The fundamental question is -- usually -- decision-making on the part of your buyers or customers. The question isn't "what will is cost?" -- that's incomplete. The question is "will the investment be worth it?" The real question is more along the lines of "what's the cost/benefit ratio" and "when should we stop spending because more investment won't create more return?" Those are the real questions.
Rule 2: Support the decision-maker with factual information.
Most folks are best served by an Agile approach. The first release -- a month from now -- will take 5 people × 4 weeks and it will yield feature X that fixes the $1m/day losses and feature Y that fixes the $200K/week missing opportunities. You have detailed knowledge of what you're doing, so this prediction makes sense. The release after that is a little hazy.
The release a year from now is so far in the future that any prediction in just a random number. Don't sweat the details of anything more than 6 months in the future, just use simple rules of thumb.
When they ask what the TCO is, you have to be honest. "The total cost occurs when you stop paying for development. Until you stop paying, you'll always incur costs."
The real question is "what problems are you trying to fix?" or "what new opportunity are you pursuing?" and "what is that worth?"
Rule 3: Make the software less costly than the problem it's supposed to solve.
If you don't know the problem very well, the estimate will be gamed to fit the perception. Try to avoid this.
On Probability. Except for debilitating disease or accident, no part of software development is governed by actual probabilities. The "risks" are simply bad management. Generally of the form "we didn't account for the complexity of business need A or technology B". More often of the form "as we learned more about the problem or the technology, we altered the schedule" which is punished as "scope creep".

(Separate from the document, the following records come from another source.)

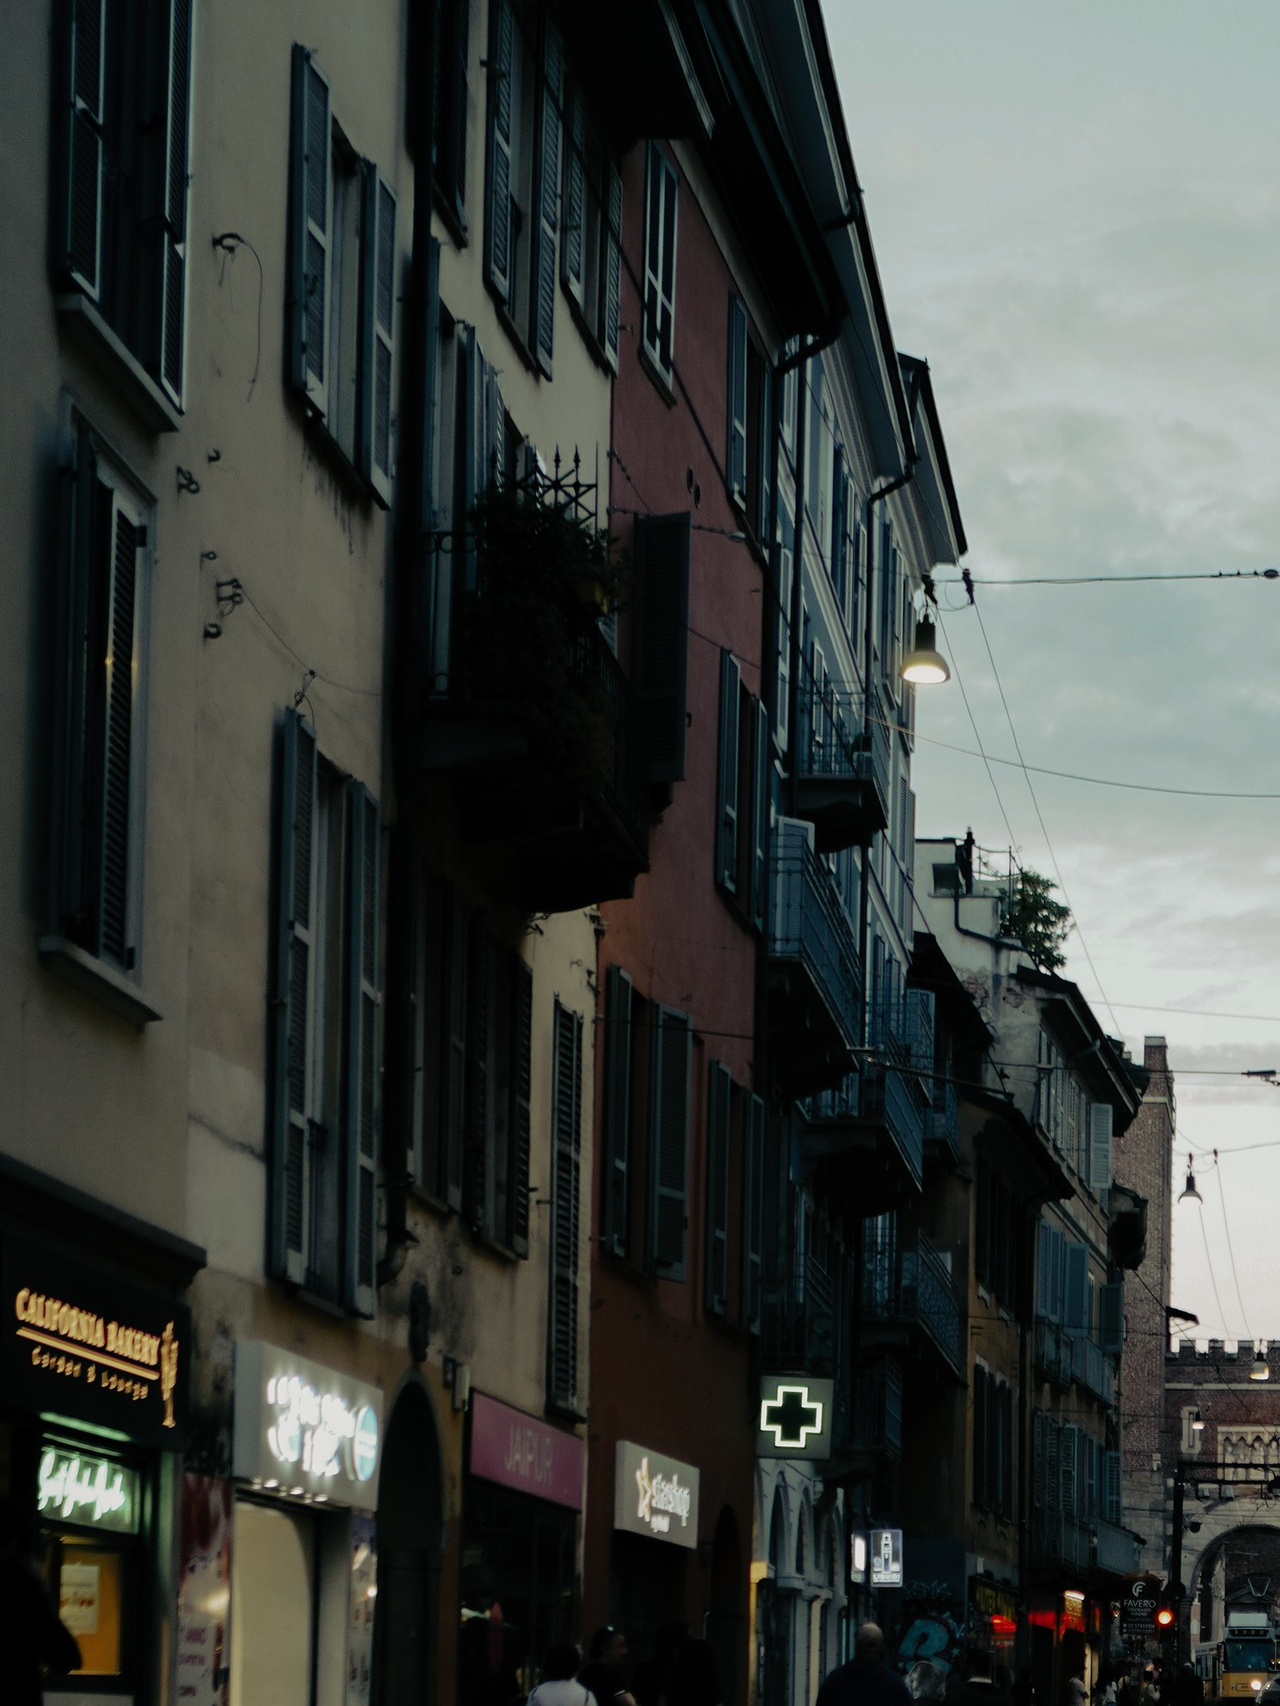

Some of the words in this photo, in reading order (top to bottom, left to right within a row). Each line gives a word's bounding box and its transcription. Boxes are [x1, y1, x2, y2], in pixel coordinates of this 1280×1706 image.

[16, 1287, 105, 1347] CALIFORNIA
[105, 1320, 161, 1366] BAKERY
[32, 1345, 82, 1378] Garden
[101, 1371, 149, 1400] Lounge
[504, 1421, 554, 1486] JAIPUR
[1123, 1599, 1157, 1608] FAVERO
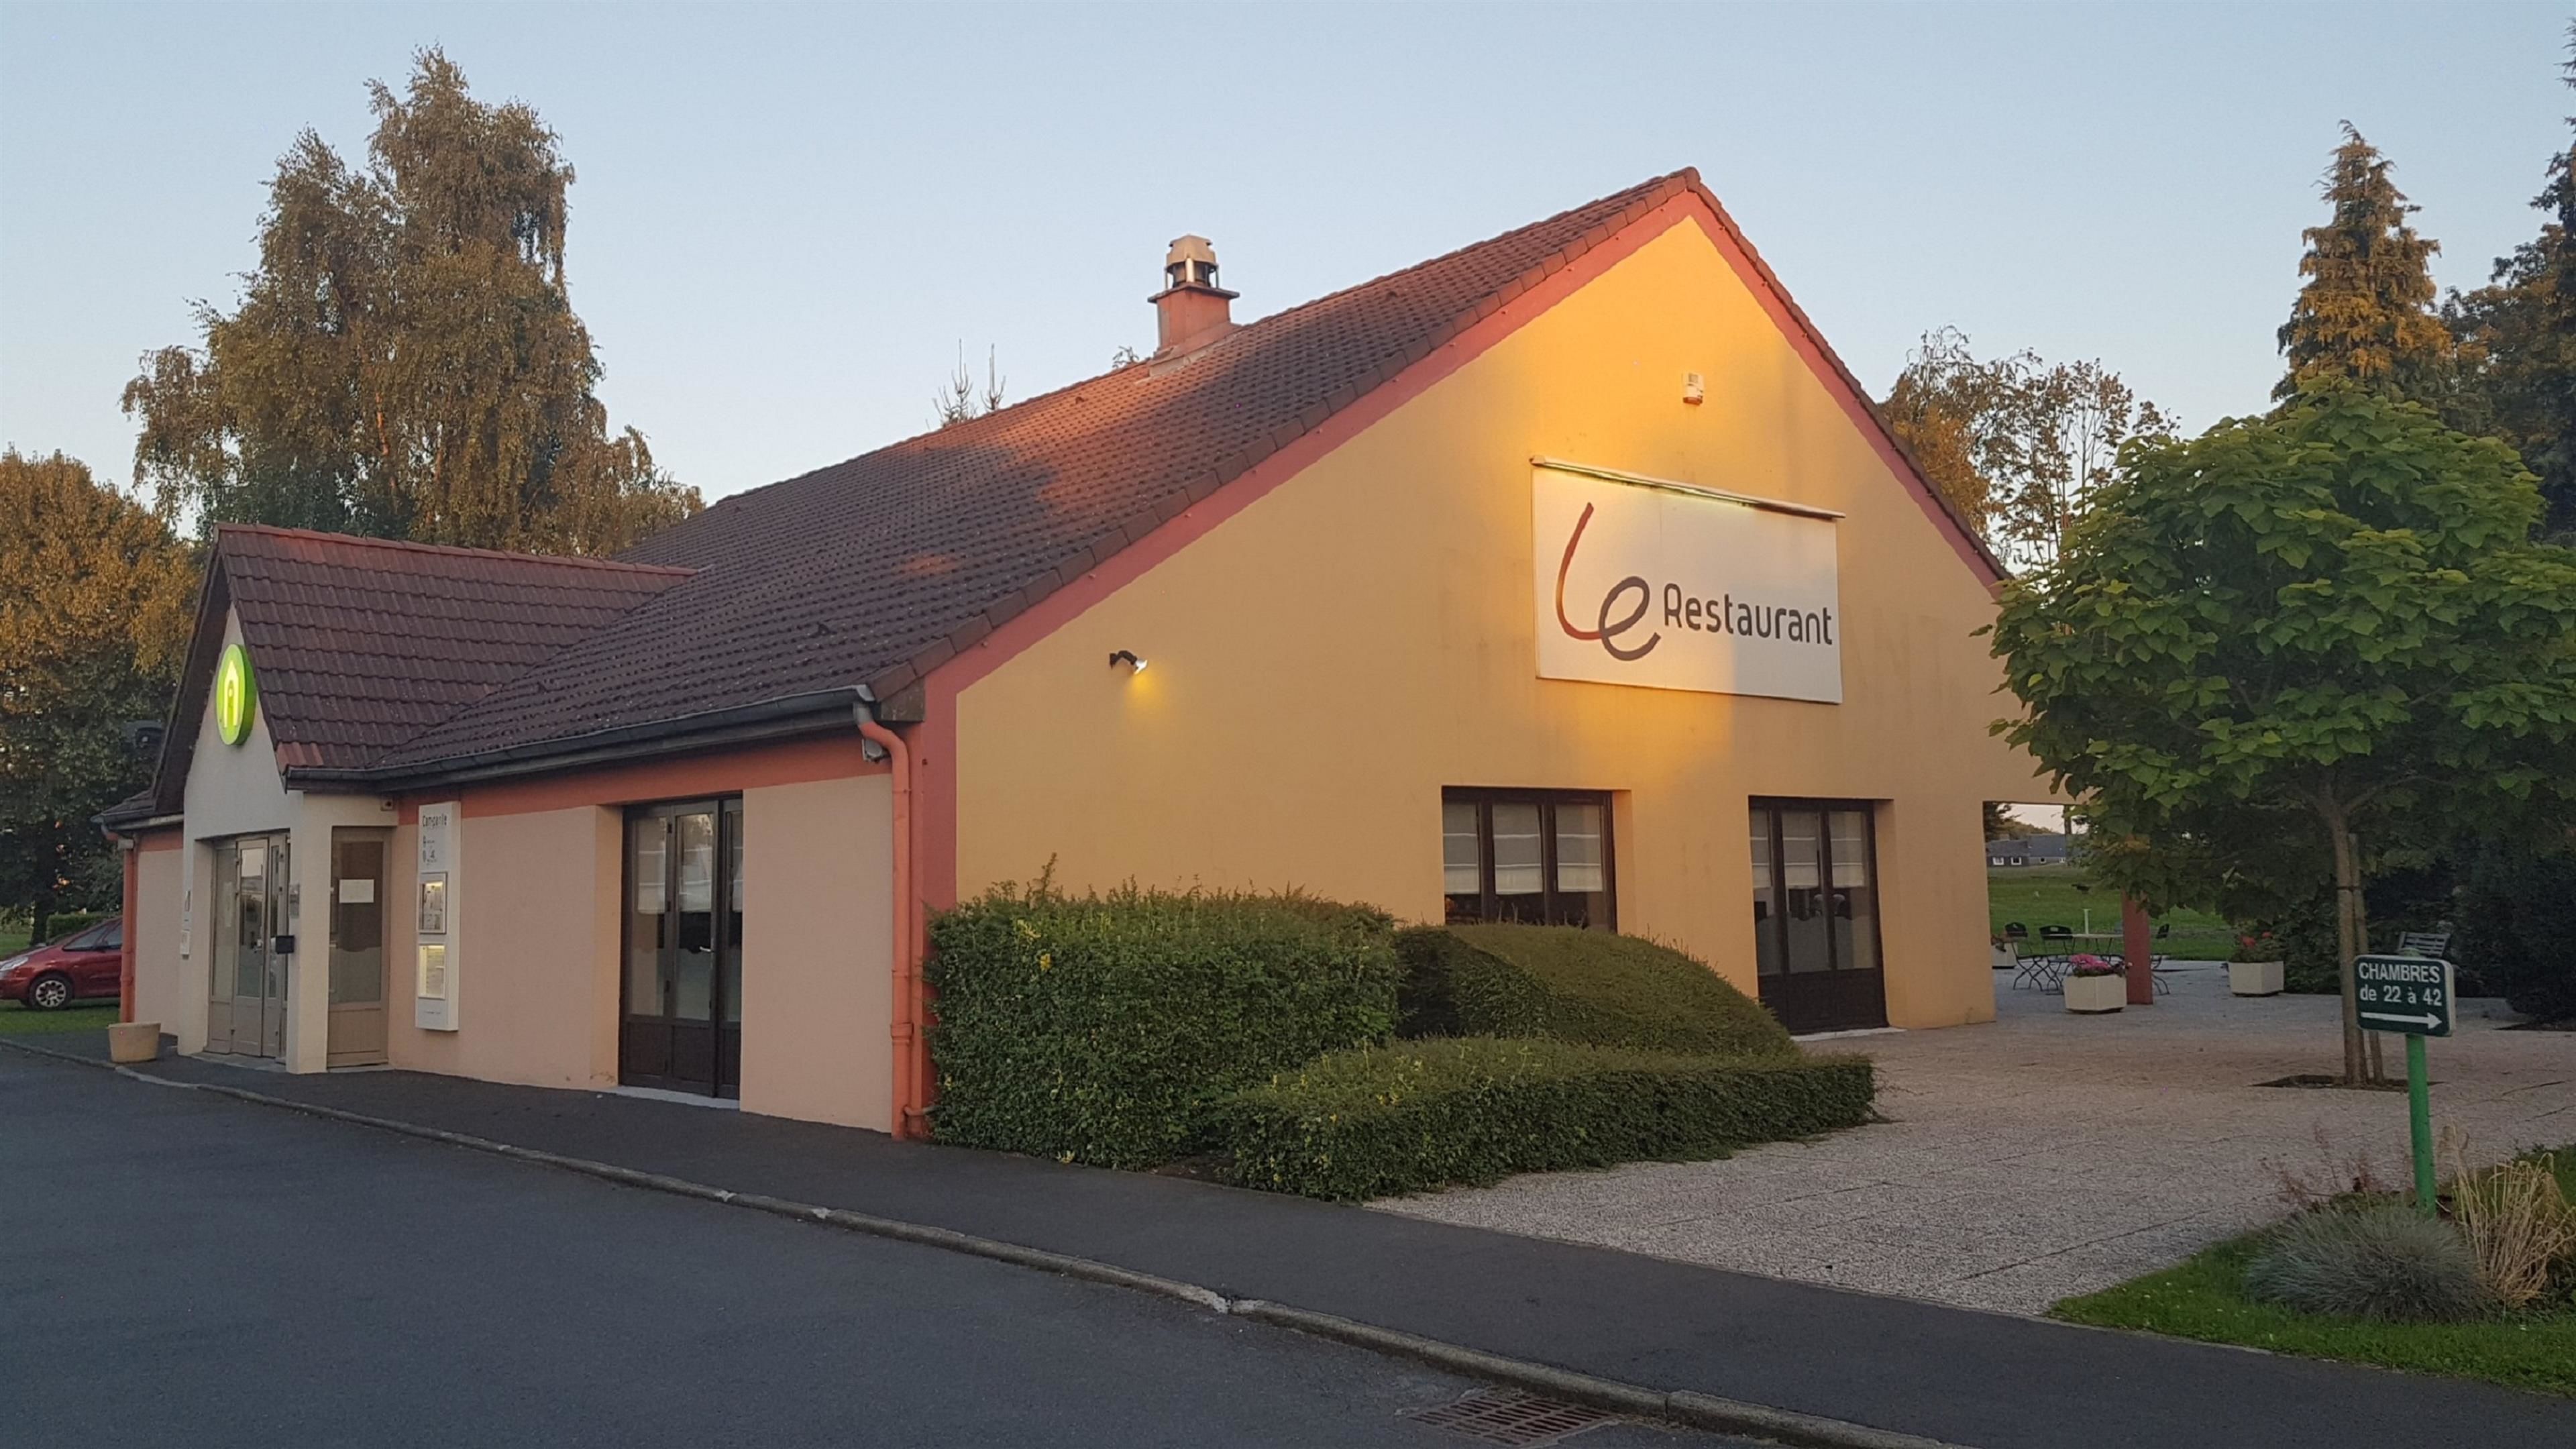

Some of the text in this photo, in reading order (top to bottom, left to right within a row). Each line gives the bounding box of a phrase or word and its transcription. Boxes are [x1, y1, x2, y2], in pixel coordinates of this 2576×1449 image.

There's no probability of learning stuff and changing the scope. That's a certainty.
On Planning. There's "planning" and there's "estimating". Planning what to build is one thing, best represented as a checklist or a dependency graph. "Estimating" the effort required is based on unknowable factors.
"Planning" is ordinary good management.
"Estimating" requires unknowable knowledge. To "estimate effort" accurately, you must have source-code level of insight into the product and you must know which person is going to type that source code and what mistakes that individual is going to make. Since you can't know that, any estimate must be wrong. And often wrong the point of misleading and therefore useless.
If the estimate was out by 500% and the project still went forward, what value does an estimate have?
None. All it did was make people unhappy. But the project went forward anyway.
Since no one can see the future, getting an estimate right doesn't mean anything. Make it useful, help people make decisions.
Keep the horizon short. Deliver value as quickly as possible. Create a plan that allows the customer to cancel the project at any time and still have value.
Don't let the plan become the only "sacred truth" in the project. The deliverable functionality is sacred. Everything else should change as the deliverables change.
Don't let the plan get beyond the value it's creating.